Es ist eine sanfte Dominanz, die Adele Laurie Blue Adkins im Musikgeschäft ausübt. 13 Millionen Mal hat sich ihr Album „21“ schon verkauft, es war Nummer eins der Charts in 25 Ländern. In Deutschland stellte sie einen neuen Rekord für legale Downloads aus dem Internet auf. Ihre Hits „Rolling in the Deep“, „Someone Like You“ und „Set Fire To The Rain“ wechselten einander in den Radio-Dauerschleifen ab.

Das eigentlich Spektakuläre an Adele ist, wie unspektakulär sie auf den ersten Blick daherkommt. Die 23-Jährige umhüllt ihre eher rundliche Statur meist mit schlichten schwarzen Kostümen, bei Live-Auftritten passiert nicht viel mehr, als dass sie am Mikrofon steht und im Hintergrund die Background-Sänger summen. Alles ist reduziert auf ihre tiefe, warme Stimme. In Interviews spart die Londonerin nicht mit ihrem Cockney-Dialekt und Schimpfwörtern. Trotz toupierter Frisuren und dick gespachtelter Schminke ist die rothaarige Engländerin ein Ausbund an handfester Natürlichkeit, wie man ihn in vielen britischen Pubs antrifft.

In Deutschland hält sie den Rekord für legale Downloads

Doch die wahre Sensation ist, dass sie mit diesem Paket die USA erobert hat, den Heimatmarkt der Pop-Künstlichkeit. Dort, wo Lady Gaga jahrelang alle Rekorde brach, weil sie als knallbuntes Showbonbon ihr überschaubares stimmliches Talent kompensierte. Die von Gaga bisweilen ironisierte Formel, auf viel nackte Haut zu setzen, hatte sich auch für Sängerinnen wie Rihanna und Beyoncé in den USA bezahlt gemacht. Adele hat sich anders als ihre Landsfrau Katy Perry diesem angeblichen Diktat des Marktes verweigert und und ist damit überraschend erfolgreich.Mit über vier Millionen Verkäufen ist „21“ das erfolgreichste Album in den USA, Lady Gagas „Born This Way“ ging nur halb so oft über die Ladentheke, auch weltweit liegt sie mit acht Millionen Exemplaren hinter Adele, der Anti-Gaga. „Ich könnte mir nicht vorstellen, mit Pistolen auf die Bühne zu kommen und Schlagsahne aus meinen Brüsten spritzen zu lassen“, sagte Adele einmal in einem Interview. „Ich mache keine Musik für die Augen. Ich mache Musik für die Ohren.“

Die Brüche hinter der makellosen Stimme

Den Erfolg zu erklären, vor allem in den USA, wo britische Künstler wie Robbie Williams oft scheiterten – damit tun sich Experten schwer. „Adele verkauft sich bei der demografischen Gruppe, die amerikanische Wahlen entscheidet“, ätzte ein Kritiker im „New Yorker“, „Mütter mittleren Alters, die nicht wissen, wie man Musik raubkopiert.“ Doch es ist zu einfach, Adeles Erfolg auf ihre aufreizende Alltäglichkeit zu reduzieren. Es sind vor allem die Brüche hinter ihrer makellosen Stimme und der Fassade des Mädchens vom Pub nebenan, die ihre schlicht instrumentierte Musik für so viele Menschen so berührend machen.
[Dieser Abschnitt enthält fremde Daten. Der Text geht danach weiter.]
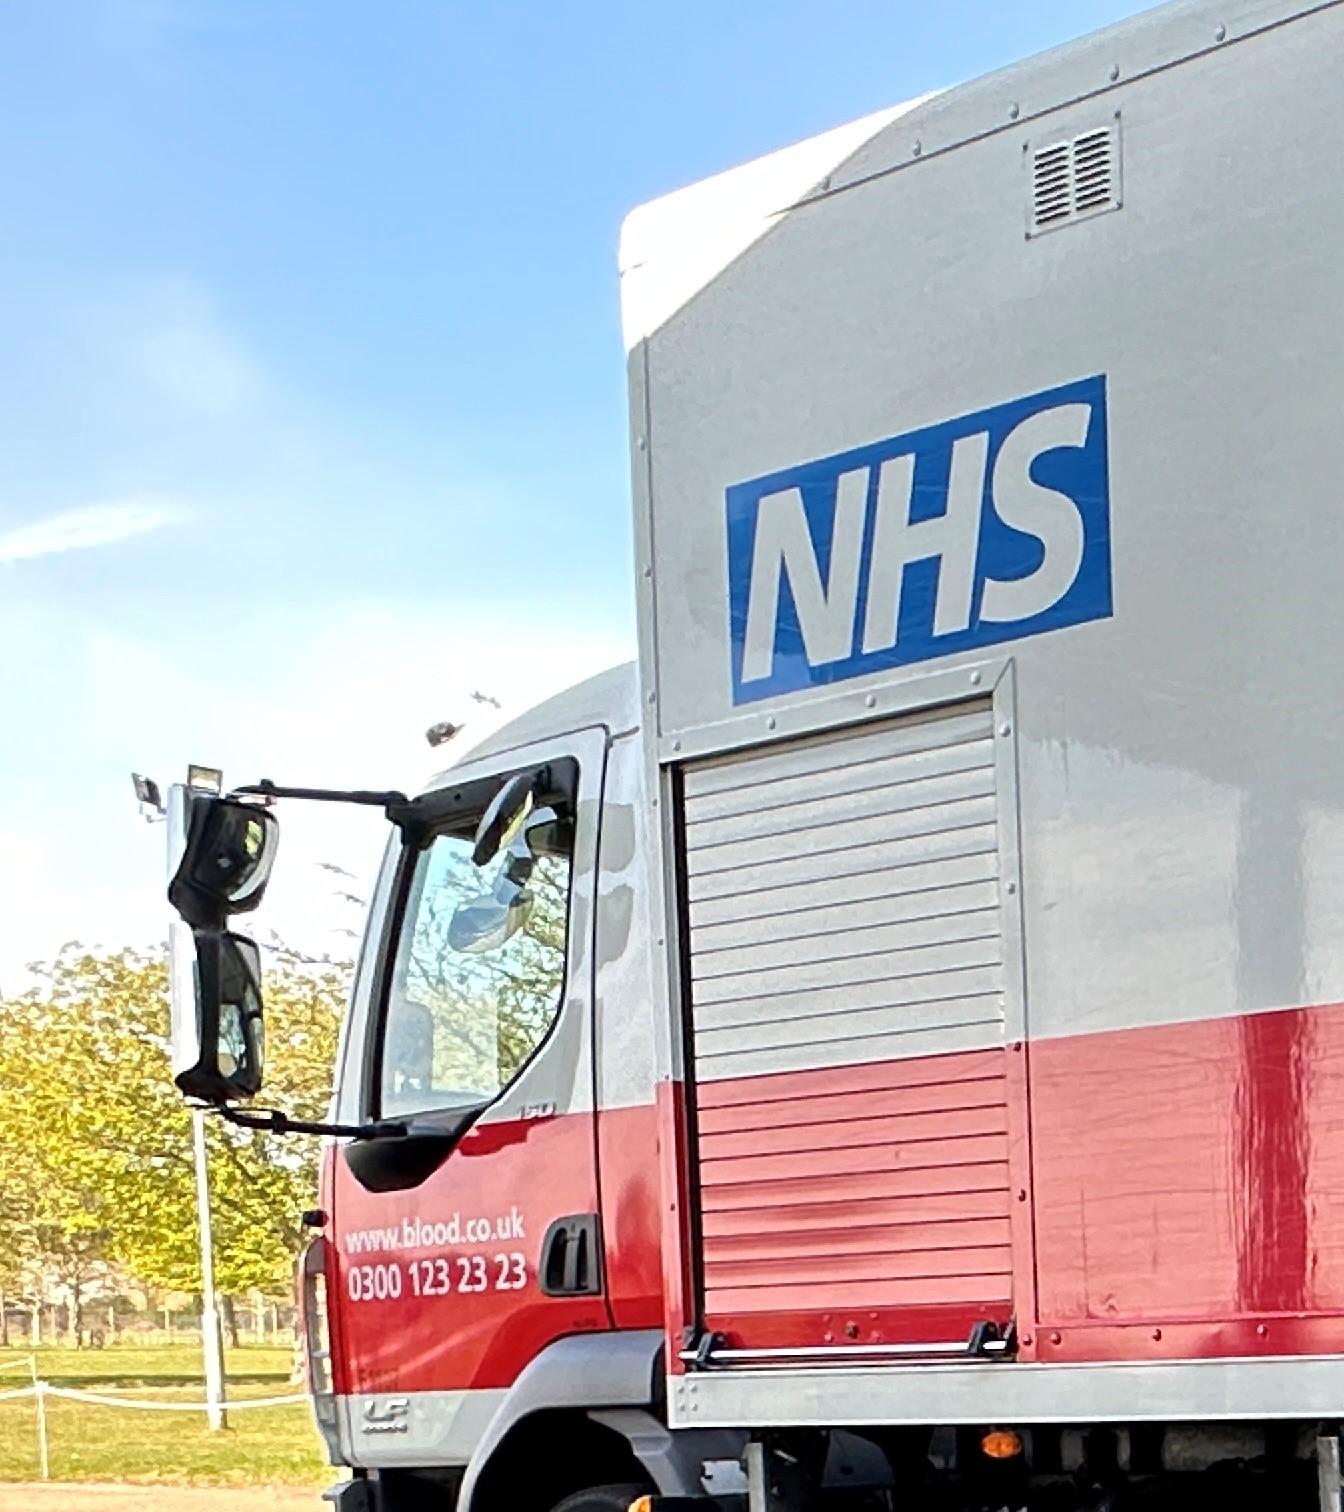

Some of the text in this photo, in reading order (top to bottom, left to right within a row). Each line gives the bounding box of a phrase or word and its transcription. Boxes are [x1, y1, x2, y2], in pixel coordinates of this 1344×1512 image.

[741, 402, 1092, 683] NHS
[345, 1206, 526, 1253] www.blood.co.uk
[349, 1252, 527, 1301] 0300 123 23 23
Adele wurde 1988 im Nordlondoner Stadtteil Tottenham geboren. Ihre Mutter war bei der Geburt erst 18. Ihr Vater, ein walisischer Klempner mit Alkoholproblemen, verließ beide, als Adele gerade vier war. Adeles Mutter hatte nach der Geburt ihr Kunststudium abgebrochen und jobbte als Masseuse und Möbelmacherin. Mehrmals zog sie mit Adele um. Dennoch bemühte sie sich, das Talent ihrer Tochter zu fördern, baute aus Lampen Scheinwerfer, während Adele ihre ersten Idole imitierte – die Spice Girls, ausgerechnet.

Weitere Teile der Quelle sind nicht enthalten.